About the company.
BeOne Medicines is a cross-listed cancer-drug company with a portfolio spanning hematology and solid tumors, more than 10,000 employees, and a commercial footprint across 70+ markets.
Their HCP data lake on Amazon Redshift — spanning over 100,000 engagements across payments, publications, trials, events, detailing and sales — had been queryable only by their analytics team.
Why they came to us.
A typical commercial question — “HCPs in our therapeutic area who got more than $10k from competitor X, were principal investigators in a trial, and published more than two papers” — sat in the backlog for days.
They wanted the same Redshift, the same RBAC and the same governance, with a natural-language layer on top. Nothing moved, nothing was copied out.
AnalystIQ never copies data out. Every query runs inside the customer's own warehouse, under their existing role-based access control.
The same warehouse, the same access control, with a natural-language layer on top.
How they set it up.
Four steps, and four Analysts.
Connected Redshift. One read-only role, scoped to seven tables: HCPs, payments, publications, events, trials, detailing and sales.
Built the semantic layer. AnalystIQ profiled the schema and drafted column descriptions; their team curated the join paths between HCPs and the activity tables.
Hired four Analysts. Commercial, Medical Affairs, Trials and Engagement, each bundling the right subset of tables for that team.

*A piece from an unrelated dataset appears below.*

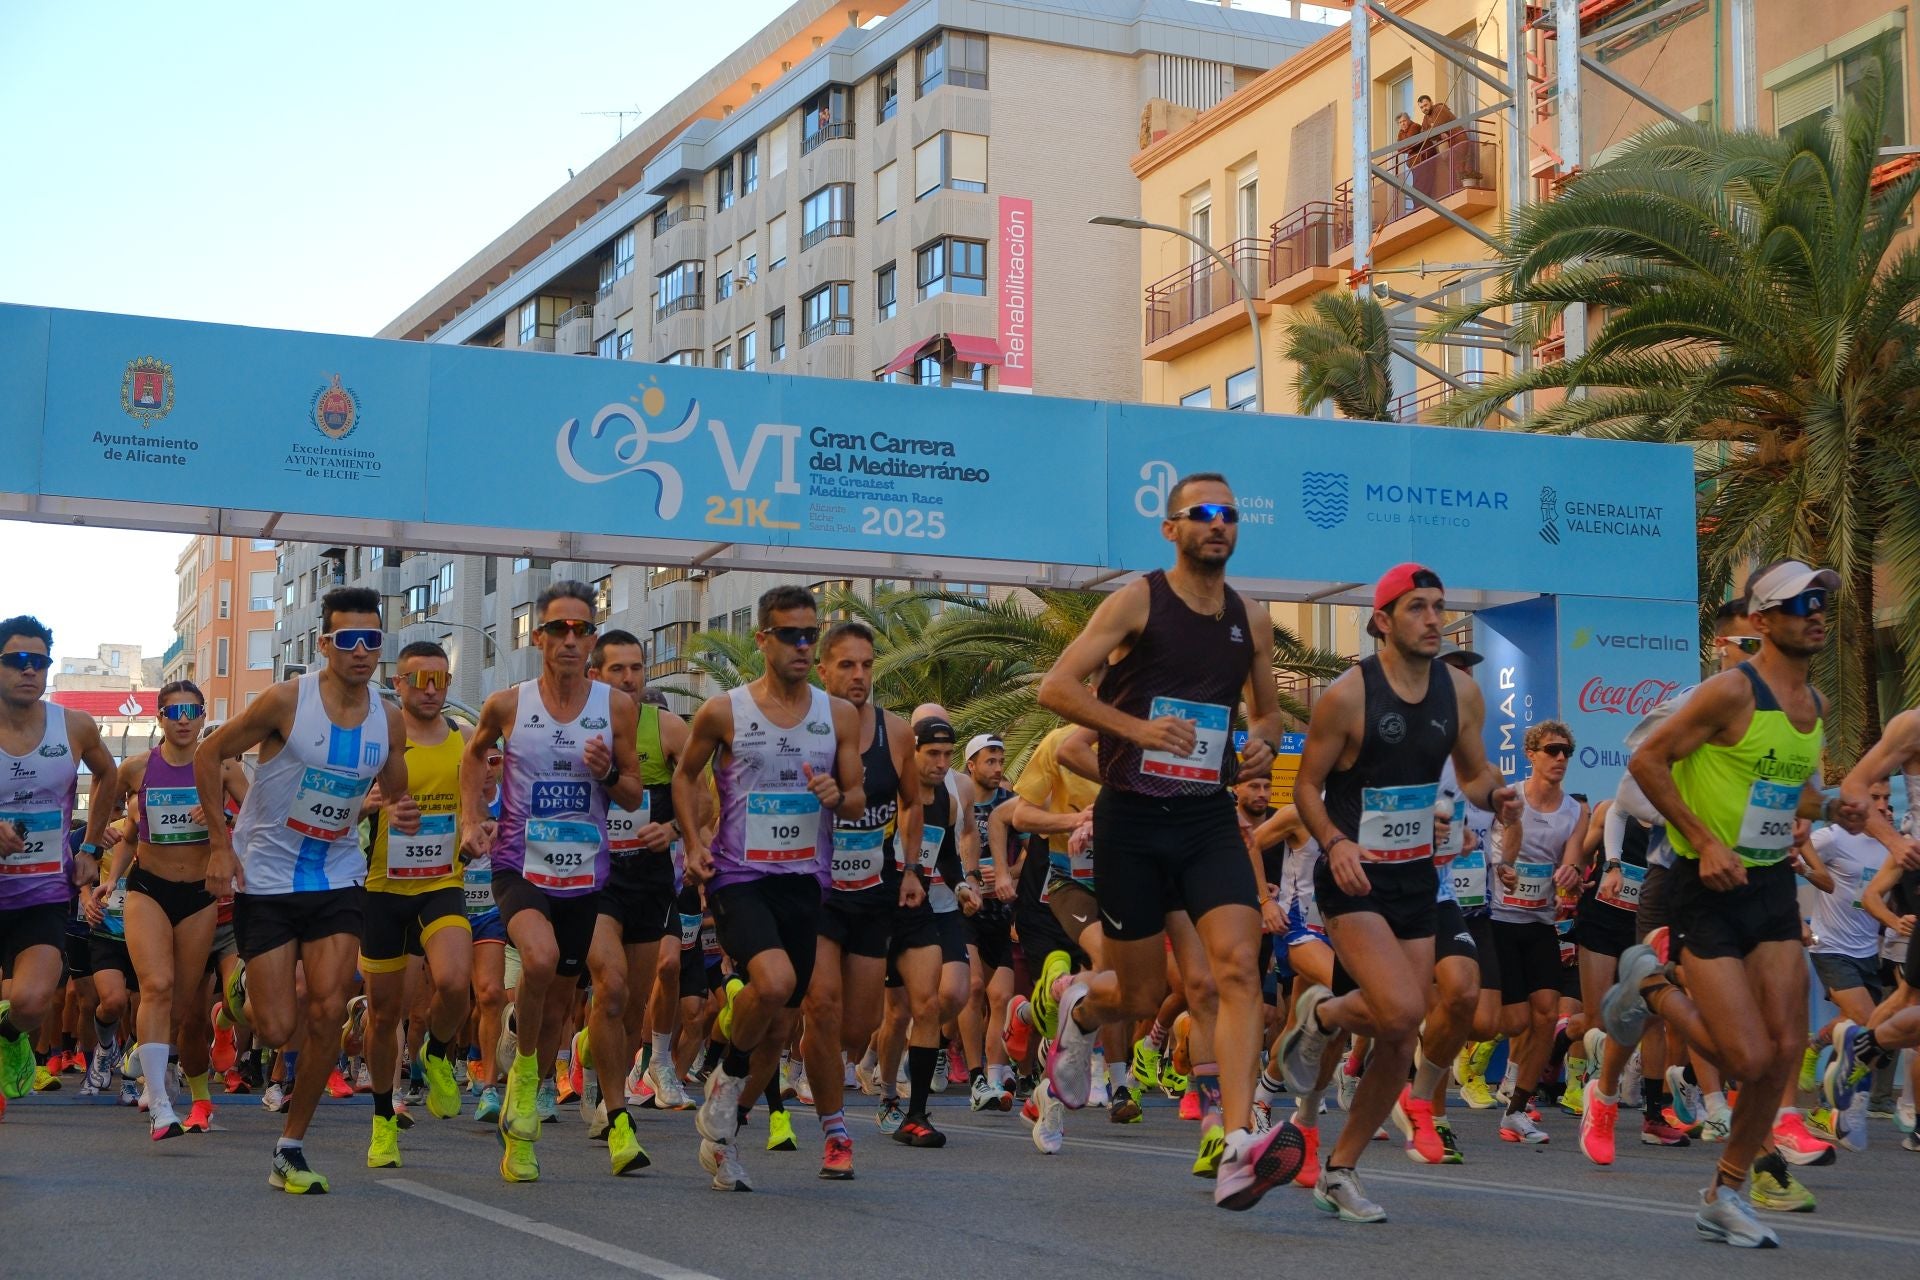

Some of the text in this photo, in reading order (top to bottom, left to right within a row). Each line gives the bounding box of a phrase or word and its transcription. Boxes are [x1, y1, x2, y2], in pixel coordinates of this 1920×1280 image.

Rolled out. Commercial and medical affairs leads got the link. The analytics ticket queue dropped within a week.
The range of questions.
Real questions the team asks every week, grouped by the SQL complexity behind them. Each one was answered without a human writing the query.
Tier 1 — lookups and counts. Seconds, simple SELECT. “List top 5 HCPs with highest payment.” “How many HCPs spoke at ASCO?” “Total detailing count by month.”
Tier 2 — filters, conditionals, ranges. Seconds, WHERE and CASE. “Which HCP has the most journal titles?” “Show HCPs where payment from Pfizer in 2023 was above 10,000 and label them high or low value.”
Tier 3 — cross-table joins. Under ten seconds, multi-table FROM. “Show HCPs who participated in events and received more than $10,000 in payments.” “Show HCPs who spoke at events in 2024 but didn’t publish in 2023.”
Tier 4 — window functions, CTEs, period-over-period. Under fifteen seconds. “RANK HCPs by total payments within each year.” “For HCPs who presented at events, show detailing counts three months before and after.”
Tier 5 — multi-source joins with nested conditions. Under twenty-five seconds. “List HCPs who received money from 3+ pharma companies but never from us.” “HCPs with more than 3 publications, at least 2 events, and payments from 3 or more companies in 2023.”
What changed.
The analytics queue stopped being the bottleneck.
Backlog cleared. Routine HCP, payments and publications questions stopped reaching the analytics team, who refocused on the modelling work a natural-language layer cannot do.
Commercial self-serve at scale. Reps, brand managers and medical affairs leads ask their own questions across 100,000+ HCP engagements and act on the answer the same day.
Same governance. The Redshift read-only role and table-level scoping still enforce who sees what. AnalystIQ never copies data out; every query runs in their warehouse.